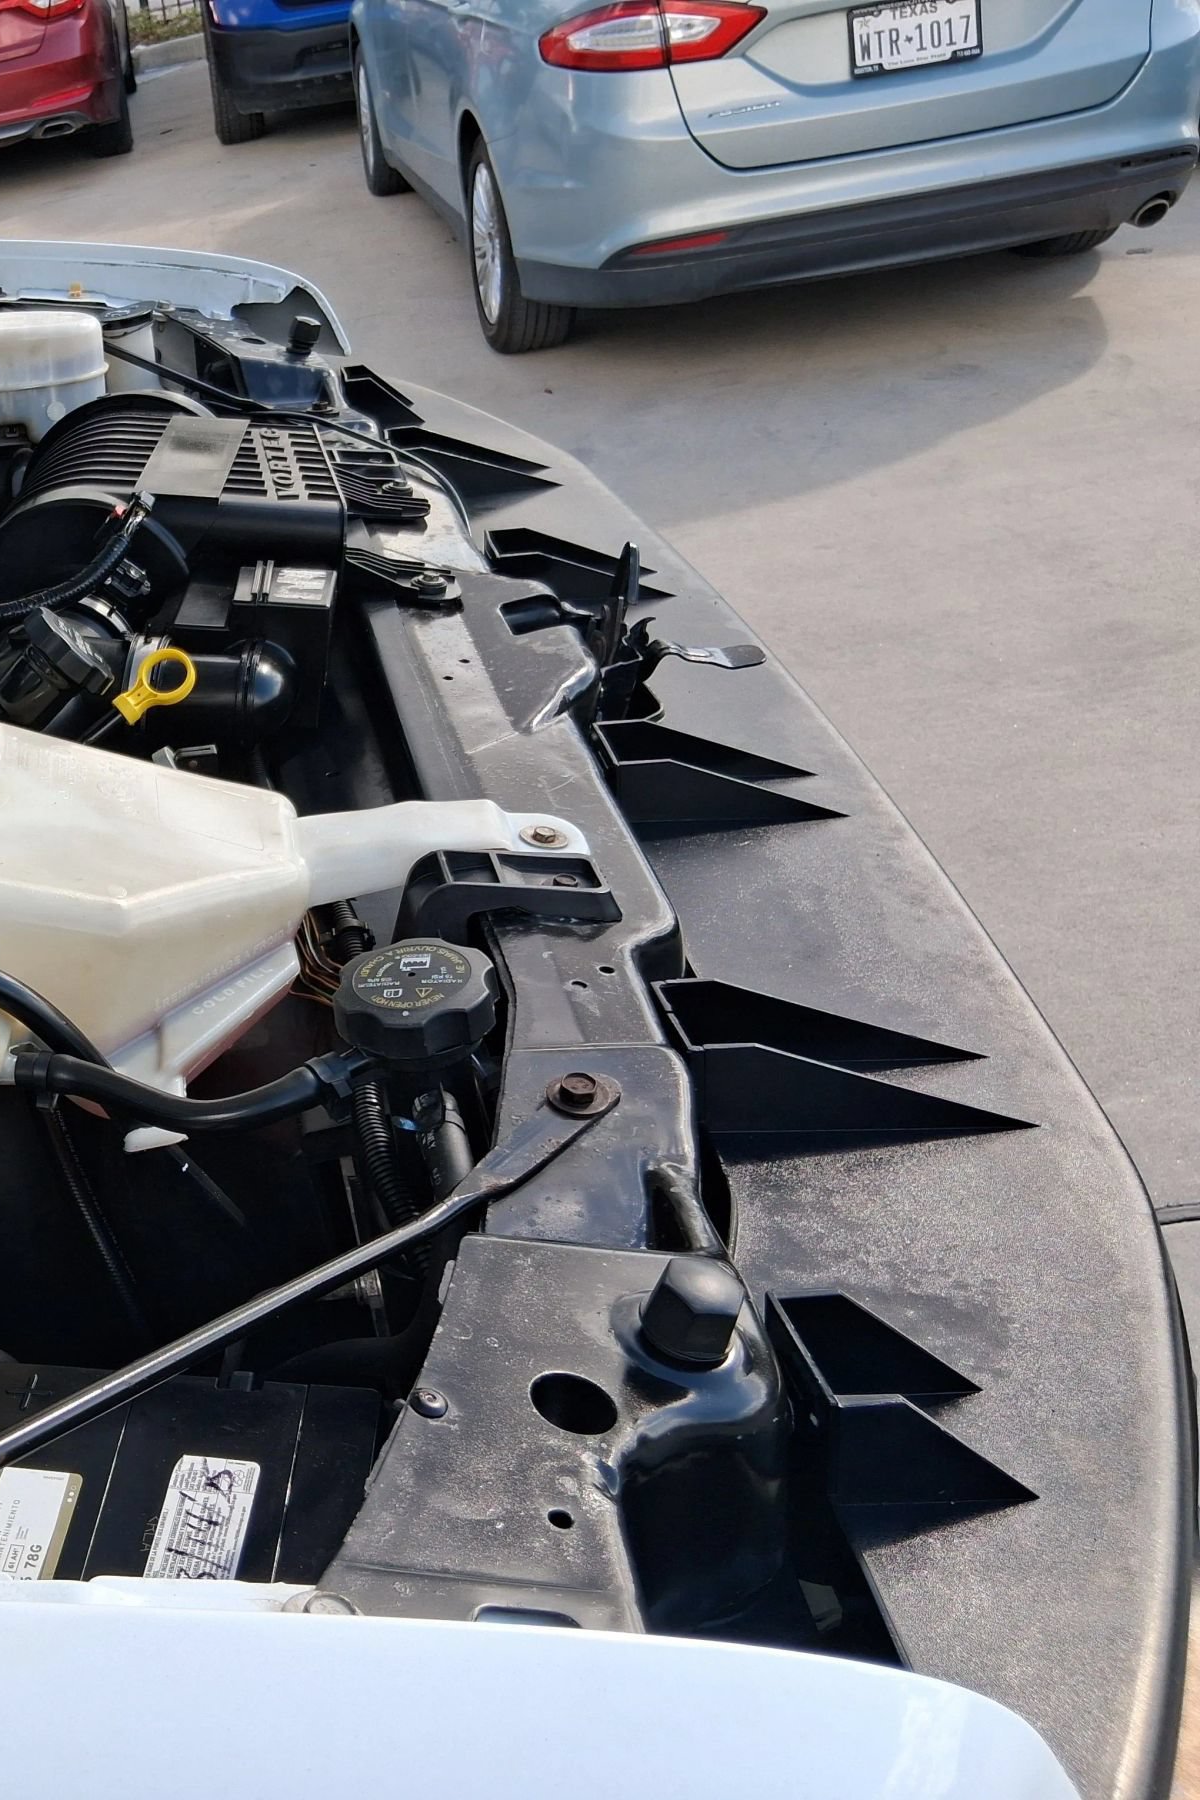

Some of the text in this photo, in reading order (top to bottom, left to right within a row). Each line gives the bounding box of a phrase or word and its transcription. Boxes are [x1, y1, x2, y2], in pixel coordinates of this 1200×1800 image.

[889, 2, 938, 20] TEXAS
[260, 428, 300, 500] VORTEC
[192, 967, 273, 1015] COLD FILL
[25, 1544, 42, 1568] 78G
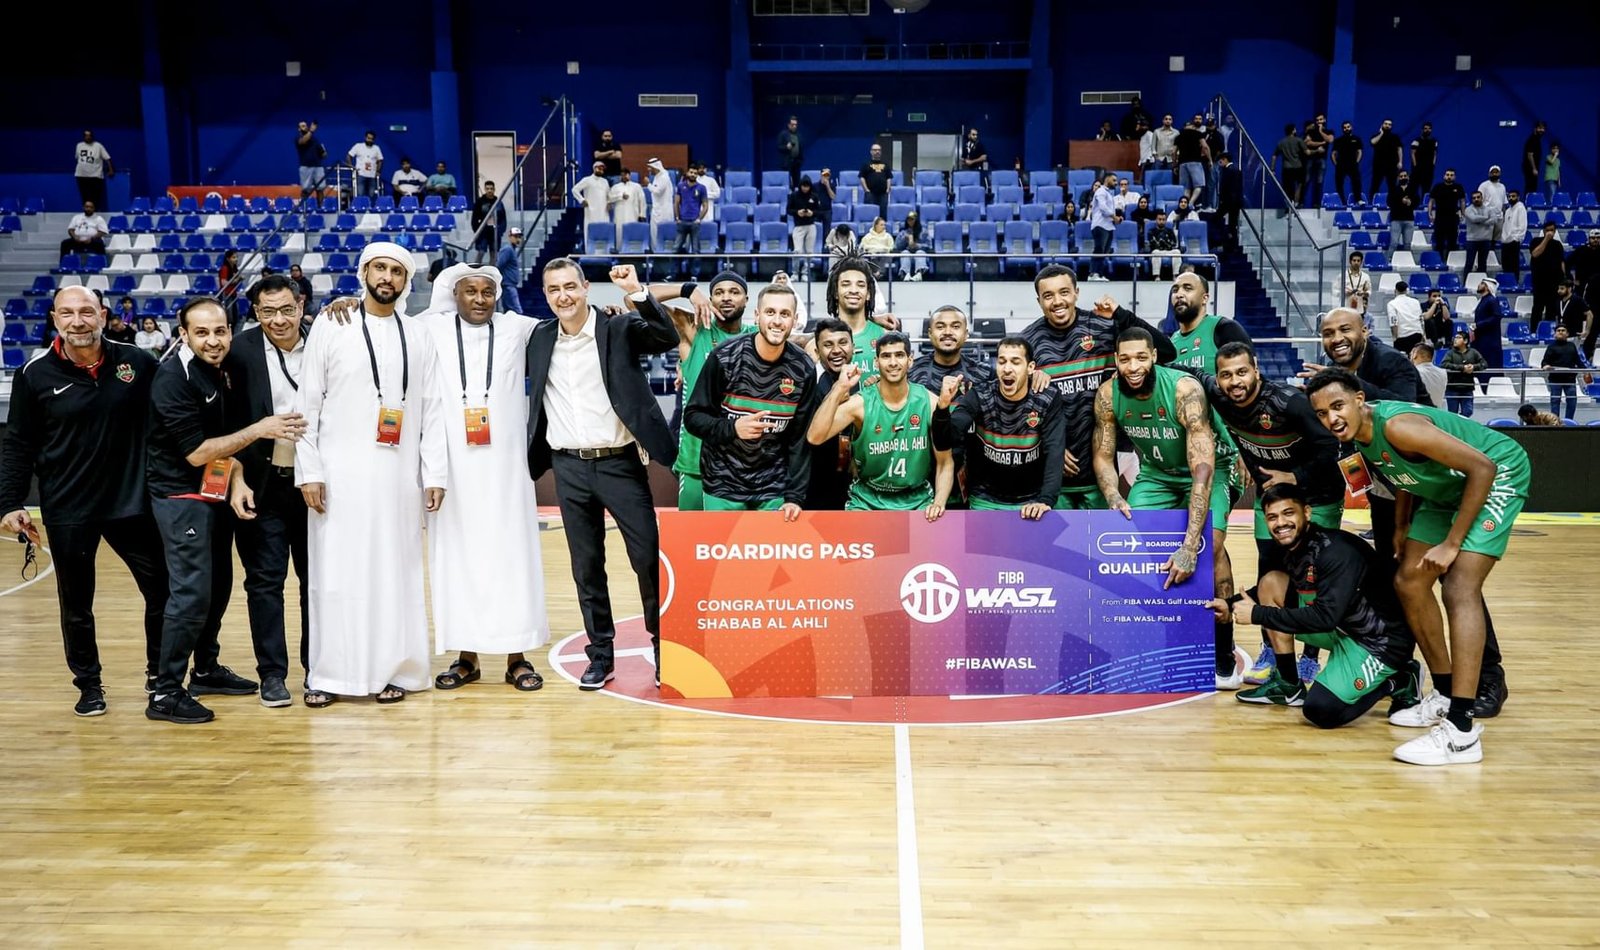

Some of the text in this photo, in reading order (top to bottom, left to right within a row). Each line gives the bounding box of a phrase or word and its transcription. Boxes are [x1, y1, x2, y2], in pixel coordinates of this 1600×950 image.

[869, 435, 928, 455] SHABAB AL AHLI
[983, 445, 1040, 466] SHABAB AL AHLI
[1152, 445, 1164, 462] 4
[1271, 447, 1291, 460] AHLI
[888, 457, 907, 478] 14
[695, 543, 876, 560] BOARDING PASS
[1098, 562, 1170, 575] QUALIFI
[998, 571, 1025, 585] FIBA
[696, 598, 855, 612] CONGRATULATIONS
[964, 587, 1058, 608] WASL
[696, 616, 829, 631] SHABAB AL AHLI
[945, 657, 1037, 670] #FIBAWASL

- **What is expected**
Return the listing above word for word, with the pictures removed.

- **Solution below**
Some of the text in this photo, in reading order (top to bottom, left to right within a row). Each line gives the bounding box of a phrase or word and its transcription. Boxes are [x1, y1, x2, y2], in pixel coordinates of this 1200×1800 image.

[889, 2, 938, 20] TEXAS
[260, 428, 300, 500] VORTEC
[192, 967, 273, 1015] COLD FILL
[25, 1544, 42, 1568] 78G

Some of the text in this photo, in reading order (top to bottom, left to right within a row). Each line gives the bounding box of a phrase or word and its transcription. Boxes are [x1, y1, x2, y2], in pixel coordinates of this 1600×950 image.

[869, 435, 928, 455] SHABAB AL AHLI
[983, 445, 1040, 466] SHABAB AL AHLI
[1152, 445, 1164, 462] 4
[1271, 447, 1291, 460] AHLI
[888, 457, 907, 478] 14
[695, 543, 876, 560] BOARDING PASS
[1098, 562, 1170, 575] QUALIFI
[998, 571, 1025, 585] FIBA
[696, 598, 855, 612] CONGRATULATIONS
[964, 587, 1058, 608] WASL
[696, 616, 829, 631] SHABAB AL AHLI
[945, 657, 1037, 670] #FIBAWASL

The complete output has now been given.